▲ The philosopher and feminist Judith Butler.Photo Victor Camacho
Arturo Sanchez Jimenez
Newspaper La Jornada
Saturday November 19, 2022, p. 12
In the contemporary world, hatred has risen to a political position, warned yesterday the American post-structuralist philosopher, activist, teacher and writer Judith Butler (Cleveland, 1965).
The influential thinker of the critical tradition and forerunner of the theory queer gave the keynote address Judgment, freedom, solidarity: thinking with Arendt
at the Old School of Medicine of the National Autonomous University of Mexico (UNAM), which invested her as a doctor honoris causa.
In the Gustavo Baz Prada auditorium, the professor from the University of California called to transcend the egocentric morality that derives from an individualistic conception of responsibility and proposed to bet on collective action against climate change, fascism, police violence and femicide .
raised that When we propose to determine responsibilities, a group of affected people and a subject who is considered responsible beyond accepting what is attributed is assumed.

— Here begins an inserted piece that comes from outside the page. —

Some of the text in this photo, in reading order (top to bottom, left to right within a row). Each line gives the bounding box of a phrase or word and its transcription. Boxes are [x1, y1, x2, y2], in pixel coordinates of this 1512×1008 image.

and said, in many cases the subject that is assumed to be responsible for something is usually conceived as an individual
.
He considered that the speech “that claims me responsibility for a series of issues or people is the same that makes me worry more about myself and can become a form of moral narcissism. And self-blame or judgment can become a form of negative narcissism. When we denounce something unfair with the intention of demonstrating that we personally do not accept injustice, we are acting on an individual level, and that is why the complaints fail.

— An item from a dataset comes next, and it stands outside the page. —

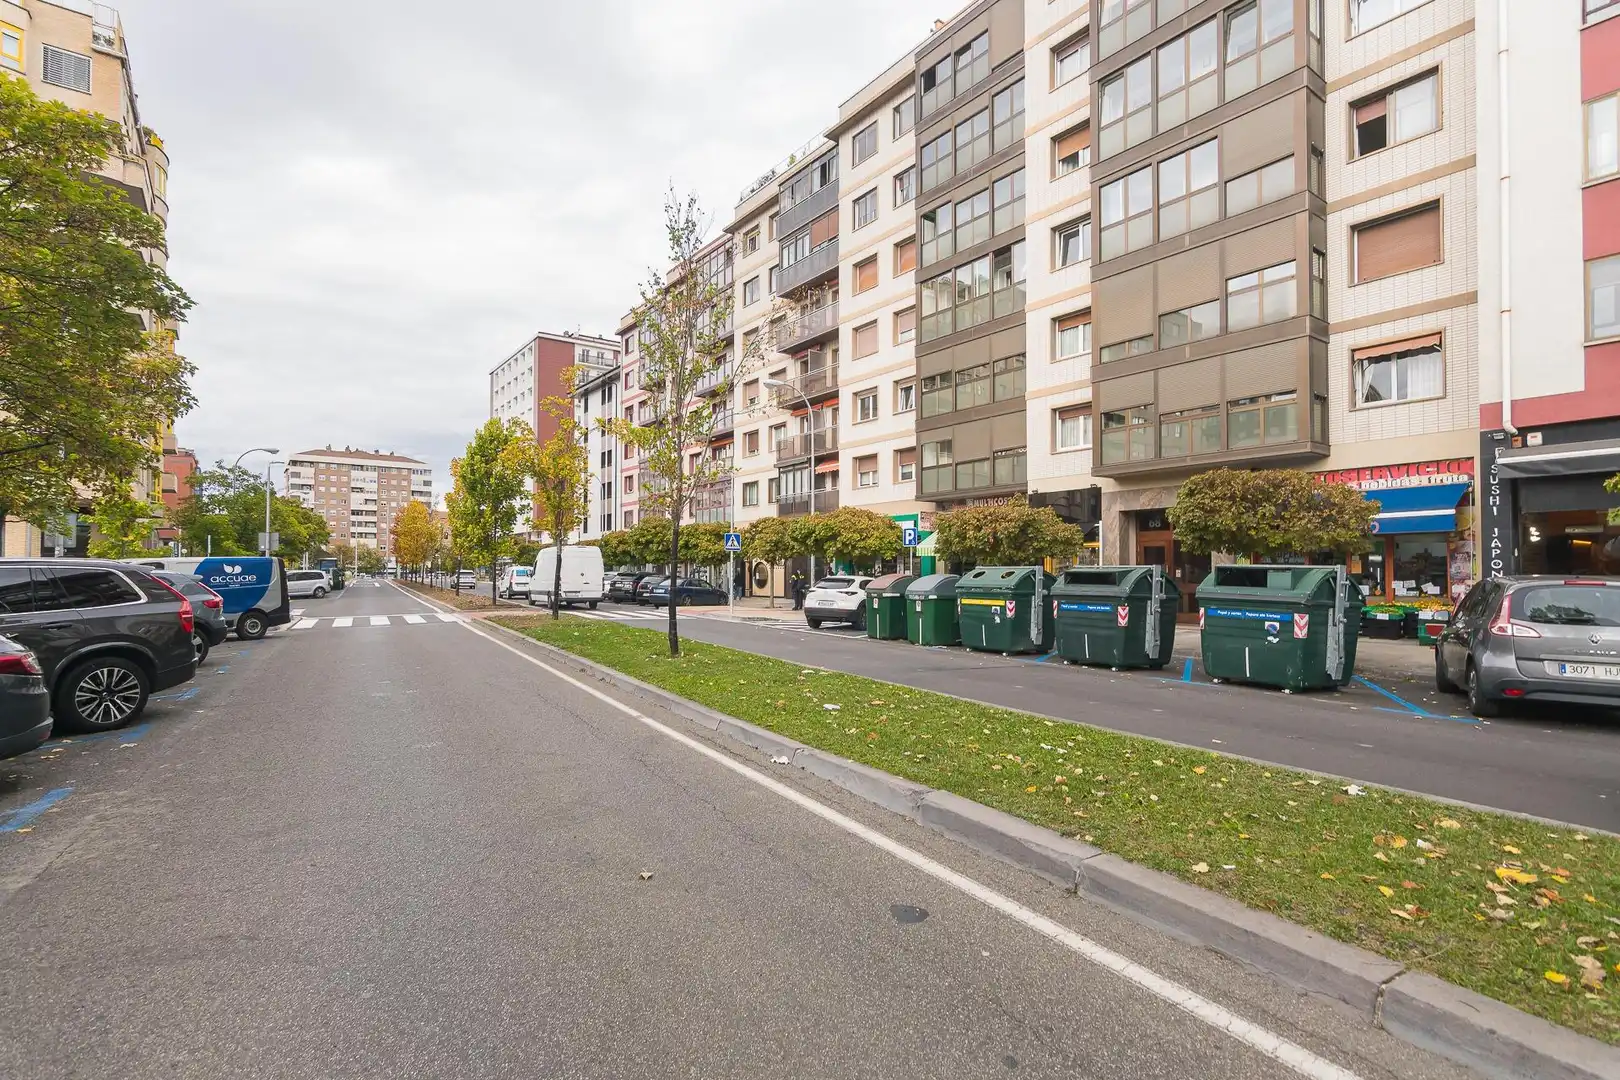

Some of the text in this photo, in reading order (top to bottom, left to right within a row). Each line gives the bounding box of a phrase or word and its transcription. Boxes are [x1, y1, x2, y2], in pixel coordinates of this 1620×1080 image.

[1489, 464, 1500, 516] SUSHI
[905, 529, 915, 545] P
[210, 575, 256, 583] accuae
[1569, 665, 1620, 677] 3071 HJ

We will not change the world if we insist on moving away from collective action
he declared.
“We have seen students demonstrate against feminicide, feminists against rape, violence, indigenous people for the murder of activists or relatives of the 43 Ayotzinapa students and those who are looking for the disappeared in Mexico, all the people who gathers without authorization to collectively demand justice from the authorities.
Our task is to live, think and act in collective and experiential, performative ways.
and that they reciprocally include living beings and the planet on which we live, he affirmed.